The start of the semester signals job-hunting season on the 40 Acres, and depending on what type of job students are looking for, the search may be more or less difficult than in previous years.
Since 2009, the number of students with work-study jobs has decreased by almost a quarter to almost 1,100 workers, but at the same time, the number of students employed on campus has increased by 822 workers to almost 11,000.
A shrinking federal subsidy is fueling the decline in work-study employment, said Tom Melecki, director of the Office of Student Financial Services. Since fall 2009, federal funding for work-study has decreased by 21 percent at UT, from $2.4 million to $1.8 million. Additionally, state funding has decreased 18 percent from $232,199 to $190,187 in the same time period.

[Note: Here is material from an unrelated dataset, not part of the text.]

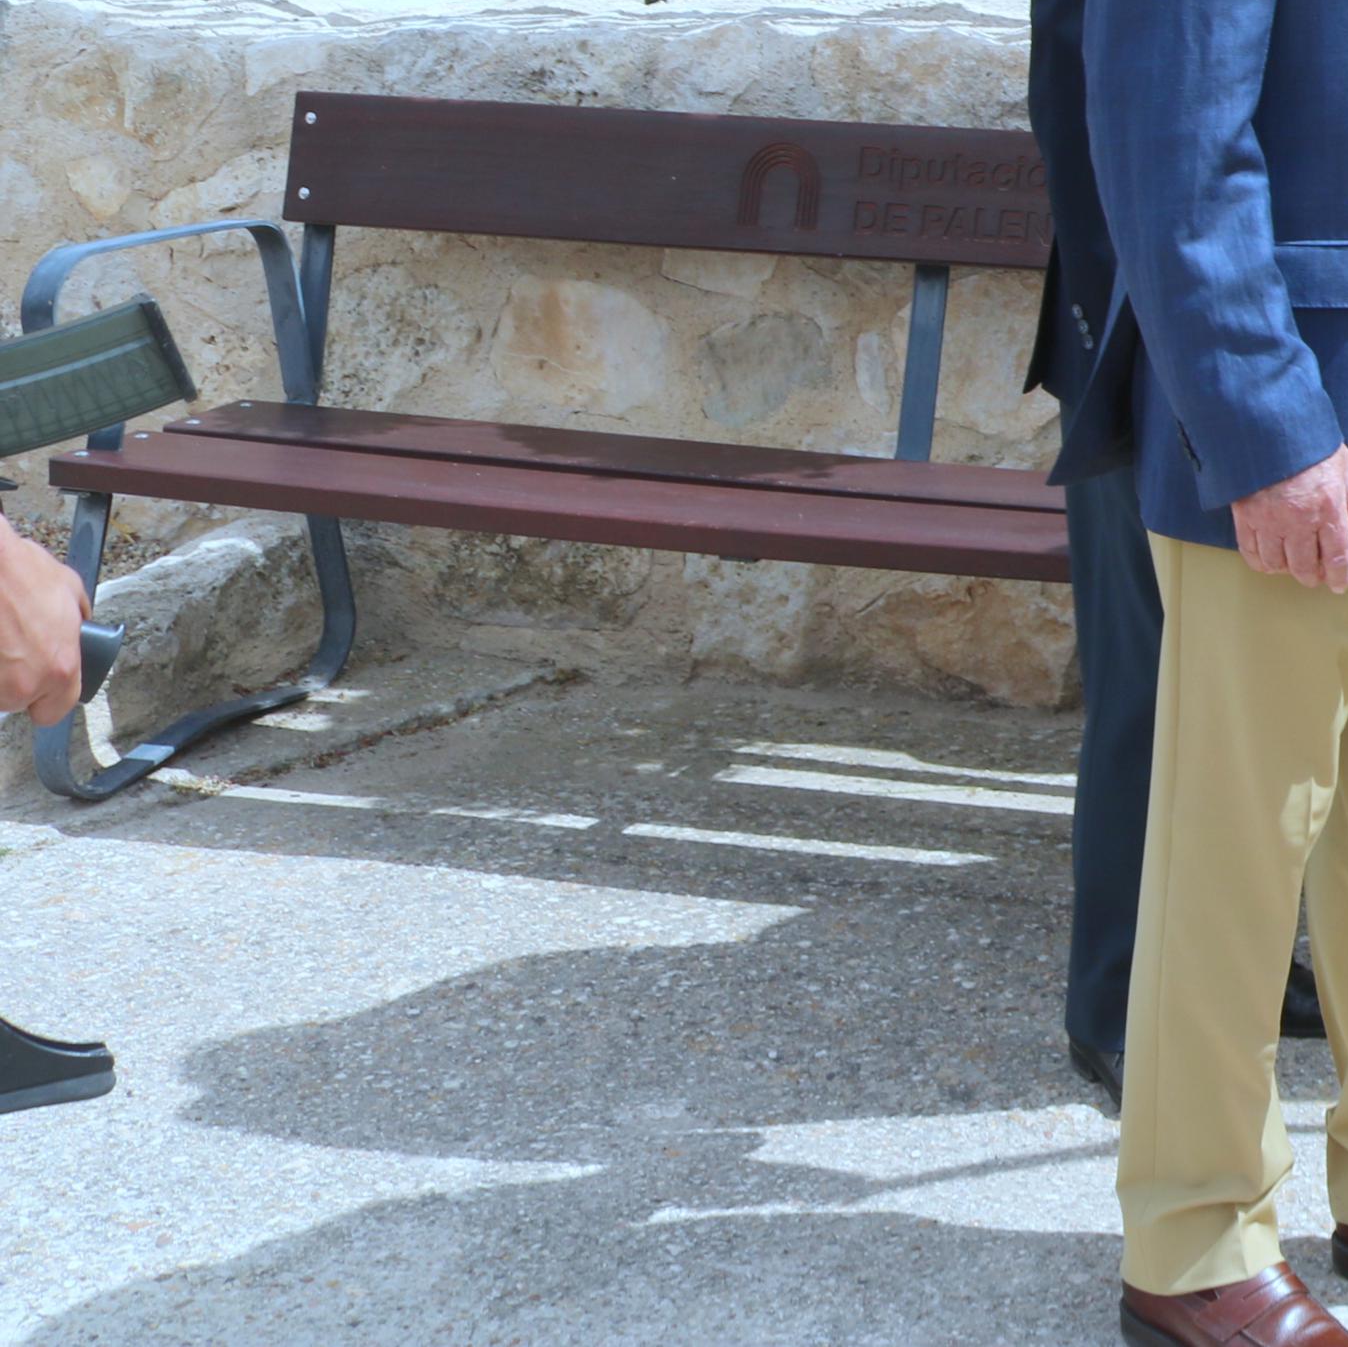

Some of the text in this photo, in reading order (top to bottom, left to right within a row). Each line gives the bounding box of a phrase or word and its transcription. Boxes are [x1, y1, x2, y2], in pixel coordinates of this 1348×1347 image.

[858, 145, 1047, 191] Diputació
[854, 201, 1052, 248] DE PALEN

Melecki said a greater allocation from the Texas Legislature could help offset the work-study losses.
“We hope the Legislature will dramatically increase appropriations for the Texas College Work-Study Program so we can fund more on-campus employment opportunities for students,” Melecki said.
The Texas Senate’s proposed budget for the 2013-2014 biennium allocates the same amount of funding to the program as it did in the last session — $7.5 million.
Work-study is a form of financial aid offered to students and funded by federal and state programs. Students who qualify are hired by the University but have 70-75 percent of their wages paid by the government, with the University paying the remainder.
State Sen. Kirk Watson, D-Austin, serves on the Senate Higher Education Committee and said in a statement he supports a possible funding increase to state work-study.
Although the amount of work-study funding has decreased, total student employment increased on campus from spring 2011 to fall 2012, according to Student Employment Adviser Amy Greenspan.
“The perception is that it’s really hard to get a job on campus if you are not work-study, and I don’t believe that is an accurate perception because the number of students on work-study versus the number of students who are not speaks for itself,” Greenspan said.
The total number of students working on campus increased from 10,399 workers in spring 2012 to 10,941 workers in fall 2012, Greenspan said. Ten percent of them qualified for a work-study subsidy.
“We don’t have a really direct way of measuring, but the number of student employees is up, so one interpretation might be that as funding and budgets get tight people hire more students because it’s less expensive to hire students than a regular staff person,” Greenspan said.
According to Melecki, the University cannot legally eliminate a staff job and replace it with a student employee. A high turnover rate at the University might make it easier for students to find jobs formerly held by regular staff people, Melecki said.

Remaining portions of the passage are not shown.